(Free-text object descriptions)

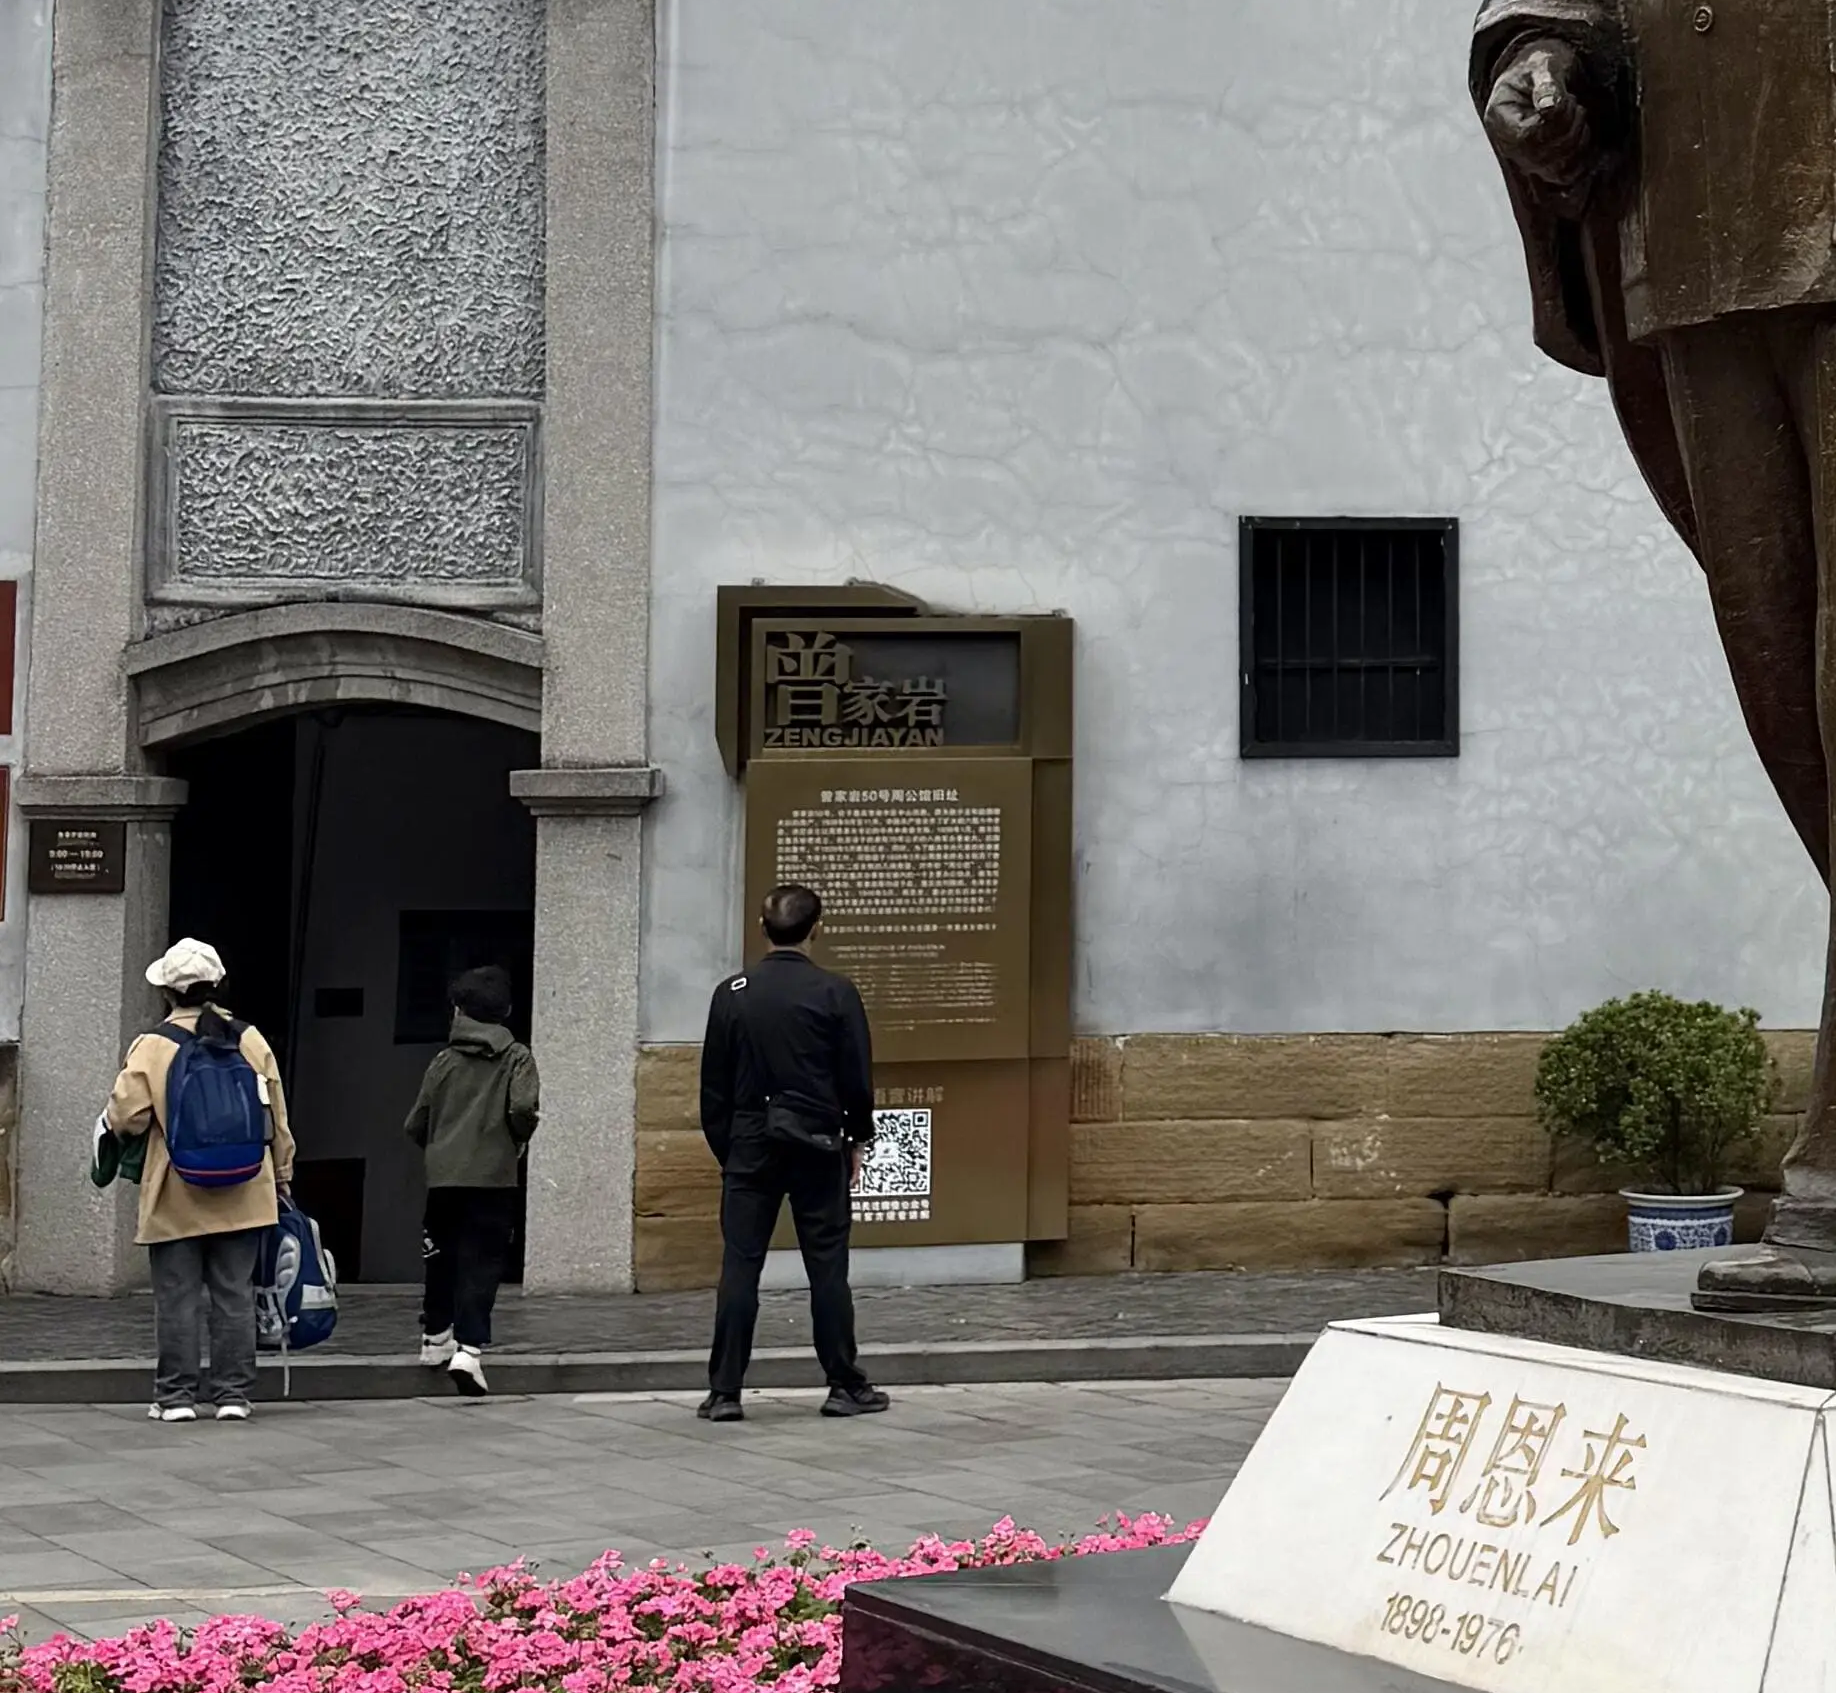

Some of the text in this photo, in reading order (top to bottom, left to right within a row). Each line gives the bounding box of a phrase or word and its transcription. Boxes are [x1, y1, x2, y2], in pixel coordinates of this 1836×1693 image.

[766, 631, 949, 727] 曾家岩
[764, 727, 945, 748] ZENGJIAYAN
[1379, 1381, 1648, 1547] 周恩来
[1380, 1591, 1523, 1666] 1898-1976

* **ABOUT THIS TASK**
None of the pictures should be carried over when the data above is transcribed exactly.

* **REPLY**
Some of the text in this photo, in reading order (top to bottom, left to right within a row). Each line gives the bounding box of a phrase or word and its transcription. Boxes are [x1, y1, x2, y2], in pixel coordinates of this 1836×1693 image.

[766, 631, 949, 727] 曾家岩
[764, 727, 945, 748] ZENGJIAYAN
[1379, 1381, 1648, 1547] 周恩来
[1380, 1591, 1523, 1666] 1898-1976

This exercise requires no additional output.